WHAT YOU HAVE TO DO> Give a verbatim copy of the lines below, minus the pictures.

··· INFORMATION SHOWN ···

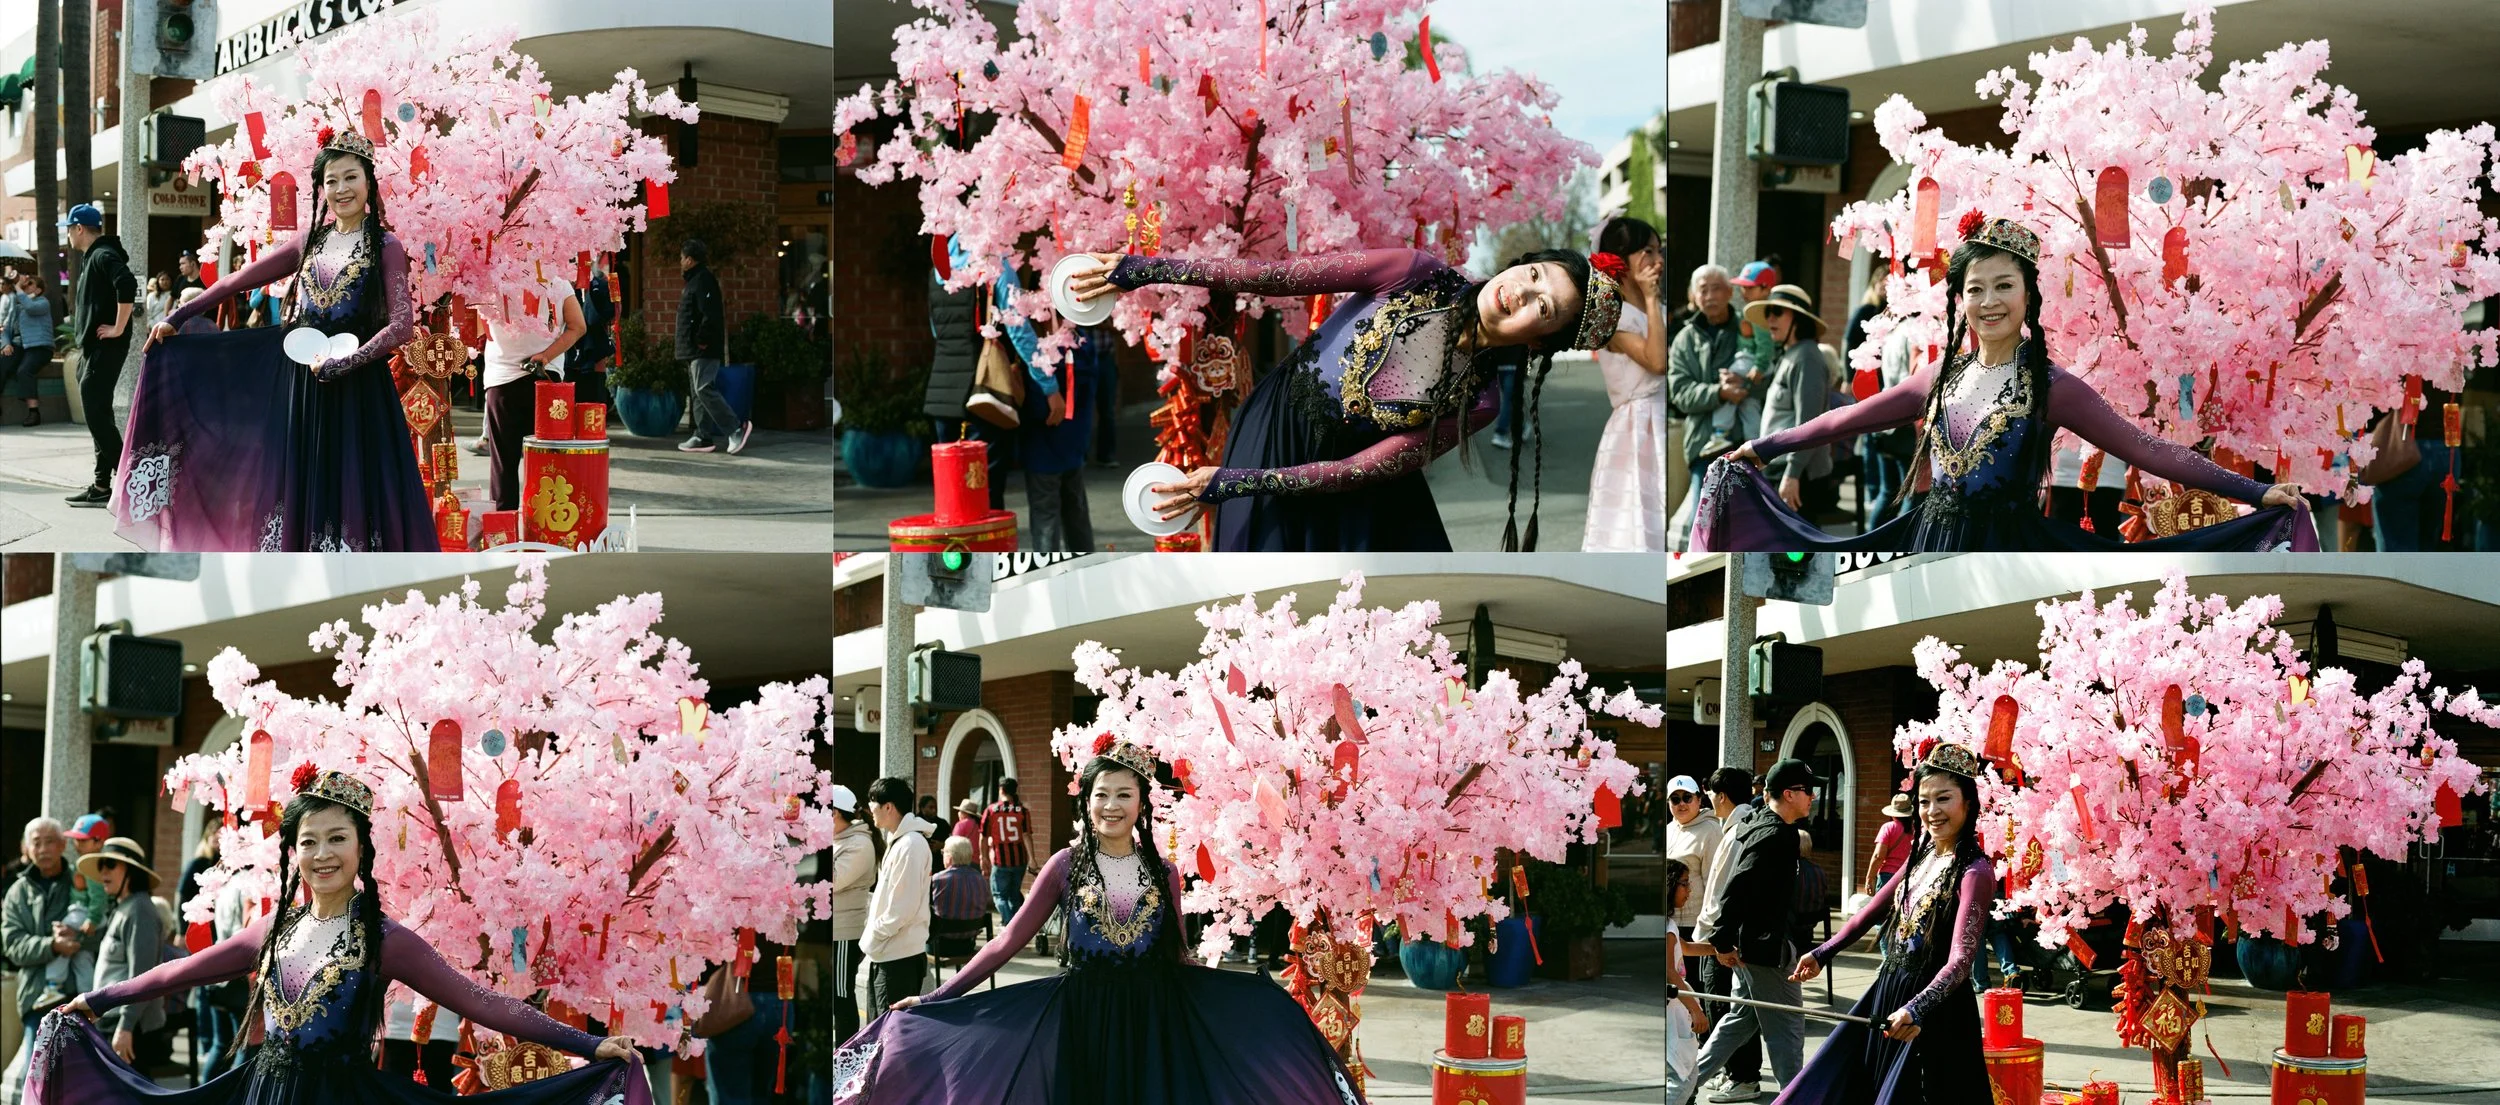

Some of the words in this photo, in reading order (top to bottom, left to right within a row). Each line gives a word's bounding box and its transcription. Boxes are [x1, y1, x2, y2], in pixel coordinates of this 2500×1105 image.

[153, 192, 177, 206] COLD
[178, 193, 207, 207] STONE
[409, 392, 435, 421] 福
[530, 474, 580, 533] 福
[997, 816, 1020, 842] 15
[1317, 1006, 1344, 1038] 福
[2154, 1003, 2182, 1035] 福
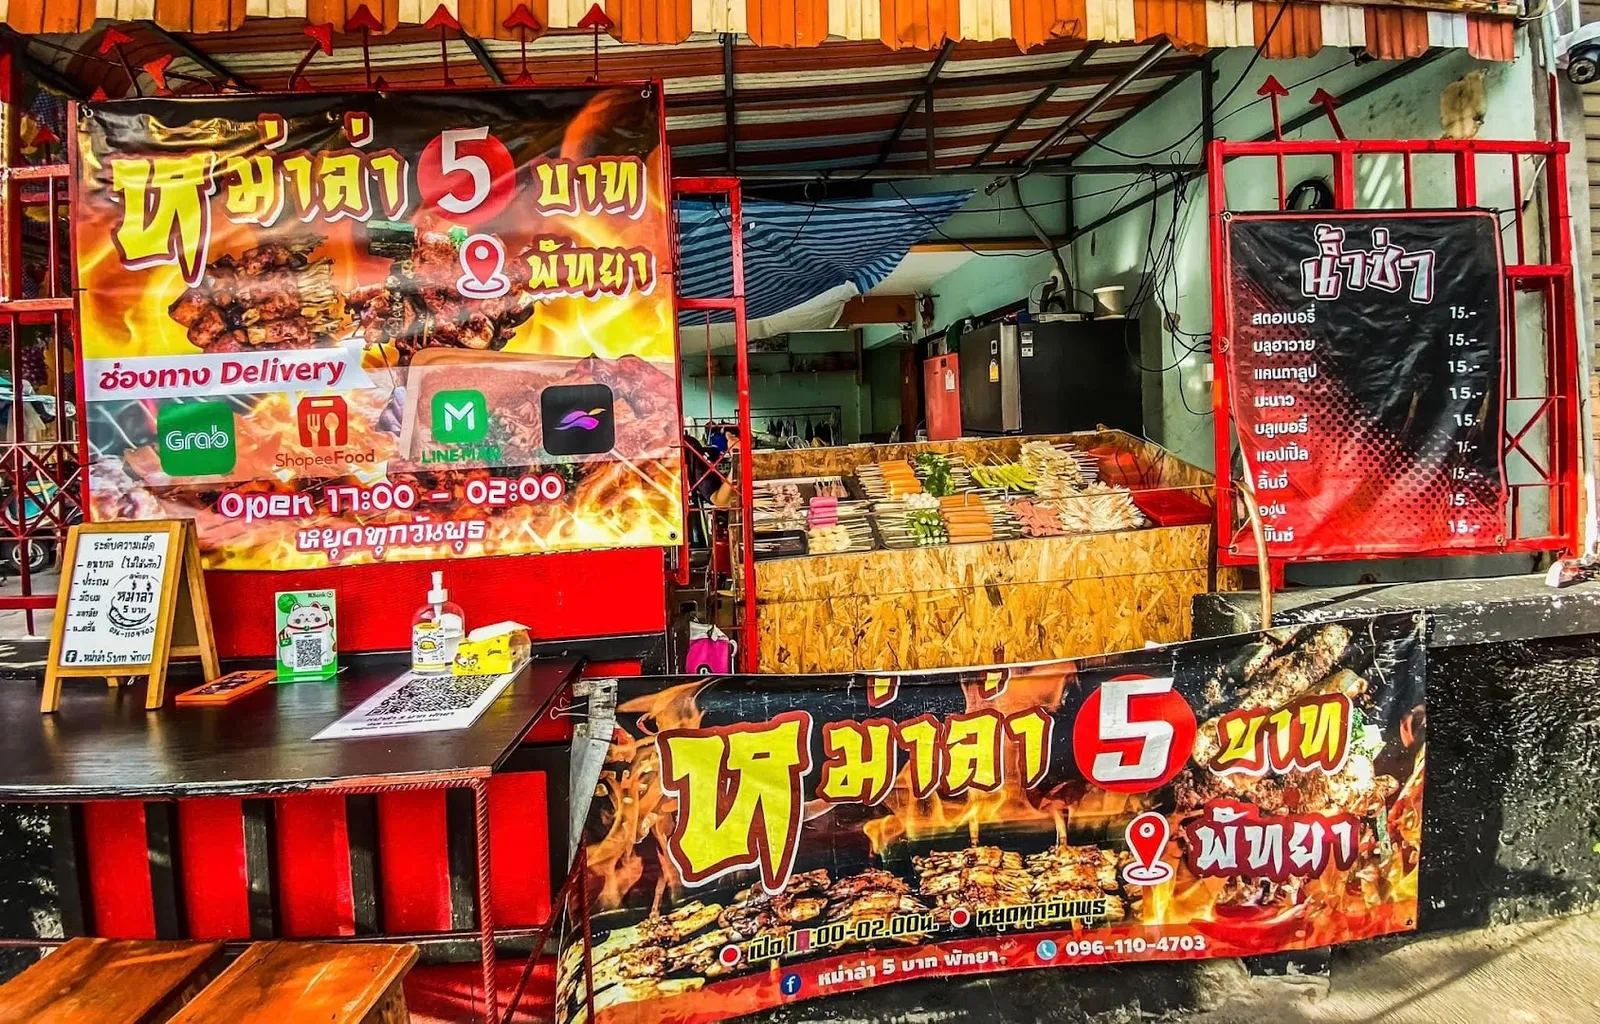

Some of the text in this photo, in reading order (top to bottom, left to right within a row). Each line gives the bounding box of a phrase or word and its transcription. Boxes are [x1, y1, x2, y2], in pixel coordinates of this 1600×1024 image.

···

SOLUTION>
Some of the words in this photo, in reading order (top to bottom, left to right within a row). Each line gives a word's bounding box and its transcription. Boxes are [x1, y1, x2, y2], in pixel coordinates of this 2500×1105 image.

[153, 192, 177, 206] COLD
[178, 193, 207, 207] STONE
[409, 392, 435, 421] 福
[530, 474, 580, 533] 福
[997, 816, 1020, 842] 15
[1317, 1006, 1344, 1038] 福
[2154, 1003, 2182, 1035] 福

Some of the text in this photo, in reading order (top to bottom, left to right within a row). Each line gives the bounding box of a phrase or word and its transcription. Boxes are [x1, y1, x2, y2], in pixel coordinates of this 1600×1024 image.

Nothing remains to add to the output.